_WHAT THE TASK REQUIRES_
In the material below, write out each line word for word and omit the pictures.
# # # # #
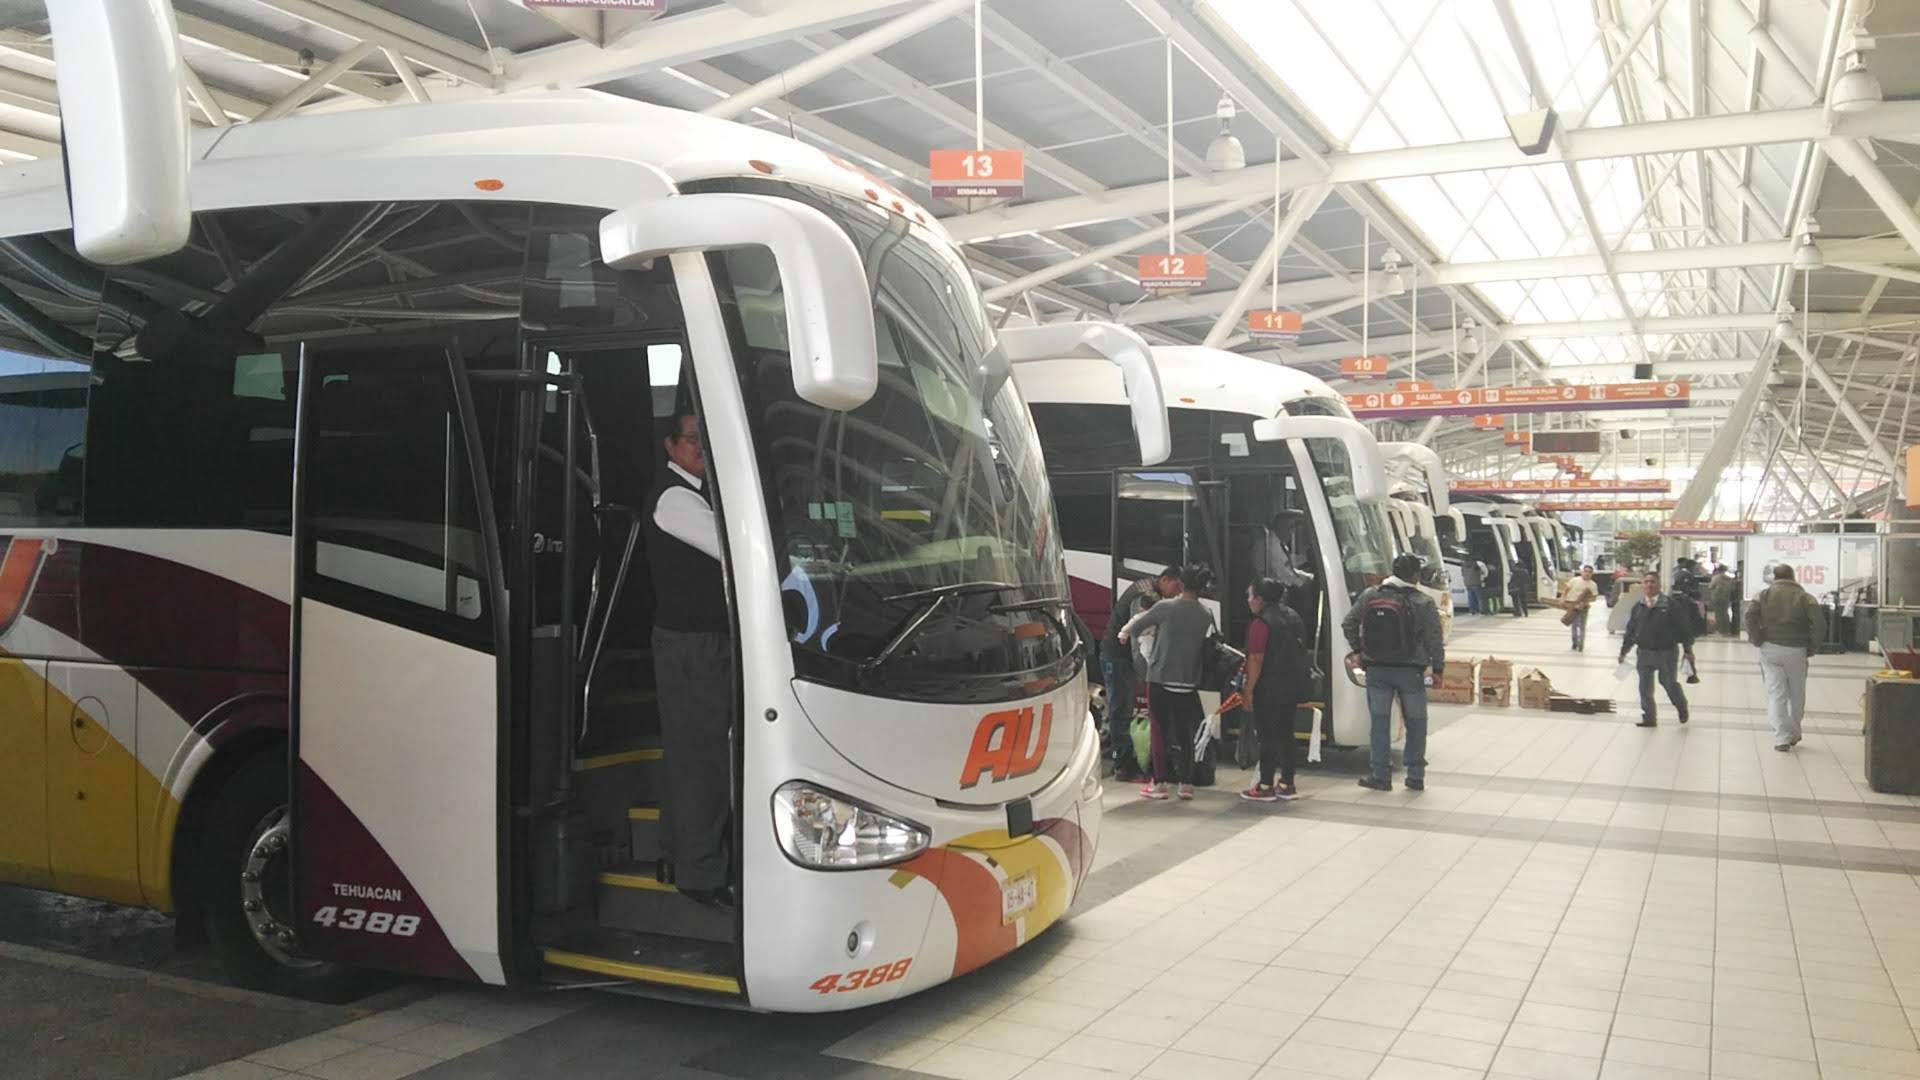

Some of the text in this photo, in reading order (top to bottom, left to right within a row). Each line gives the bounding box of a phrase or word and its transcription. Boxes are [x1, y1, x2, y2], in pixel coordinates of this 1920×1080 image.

[961, 154, 994, 178] 13
[1158, 257, 1185, 275] 12
[1263, 314, 1283, 329] 11
[1354, 358, 1373, 371] 10
[959, 702, 1053, 790] AU
[332, 883, 402, 902] TEHUACAN
[312, 905, 421, 937] 4388
[808, 956, 913, 995] 4388
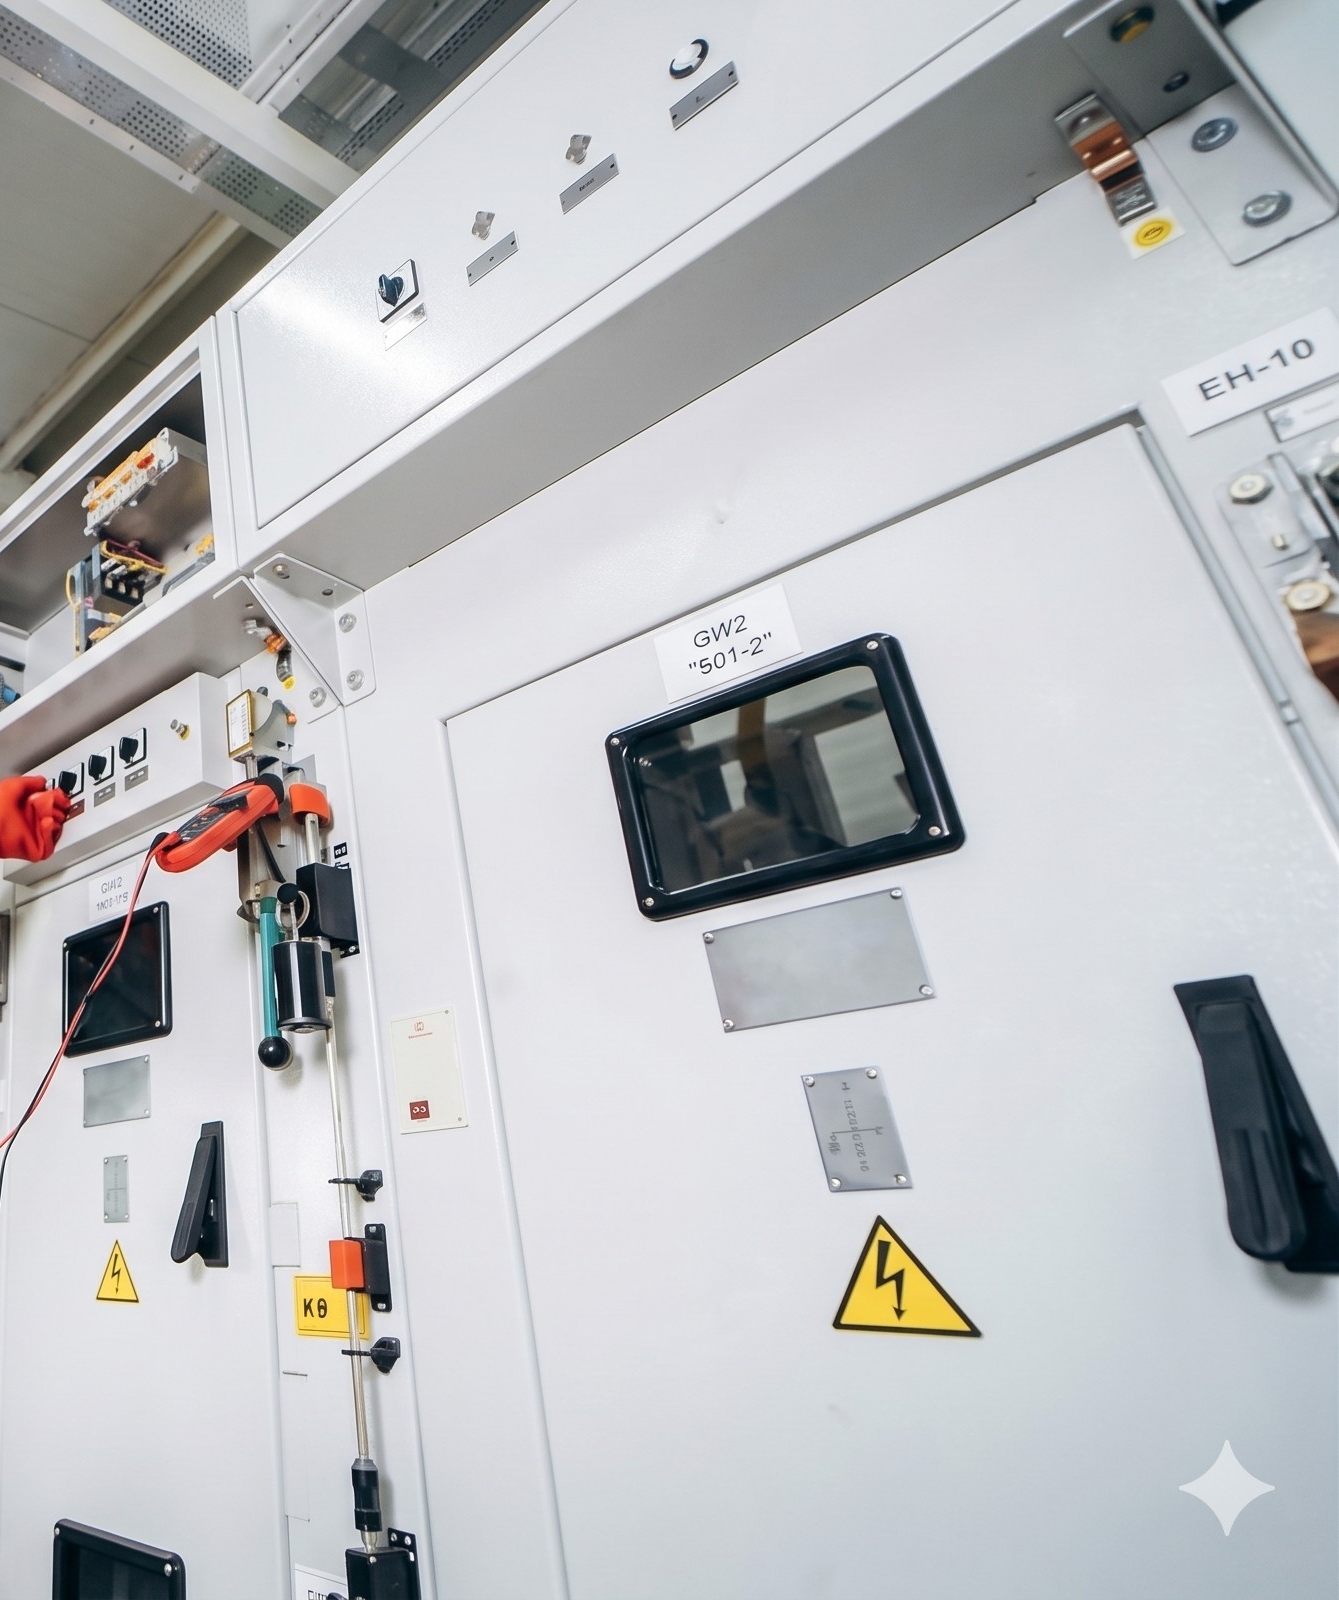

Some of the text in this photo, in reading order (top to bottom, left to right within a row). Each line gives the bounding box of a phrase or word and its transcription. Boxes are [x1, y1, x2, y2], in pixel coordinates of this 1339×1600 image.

[1198, 338, 1314, 401] EH-10
[688, 631, 772, 675] "501-2"
[693, 614, 748, 648] GW2
# # # # #
_SOLUTION FOR THIS PROBLEM_
Some of the text in this photo, in reading order (top to bottom, left to right within a row). Each line gives the bounding box of a phrase or word and its transcription. Boxes are [x1, y1, x2, y2], in pixel coordinates of this 1920×1080 image.

[961, 154, 994, 178] 13
[1158, 257, 1185, 275] 12
[1263, 314, 1283, 329] 11
[1354, 358, 1373, 371] 10
[959, 702, 1053, 790] AU
[332, 883, 402, 902] TEHUACAN
[312, 905, 421, 937] 4388
[808, 956, 913, 995] 4388

Some of the text in this photo, in reading order (top to bottom, left to right within a row). Each line gives the bounding box of a phrase or word and its transcription. Boxes are [x1, y1, x2, y2], in pixel coordinates of this 1339×1600 image.

[1198, 338, 1314, 401] EH-10
[688, 631, 772, 675] "501-2"
[693, 614, 748, 648] GW2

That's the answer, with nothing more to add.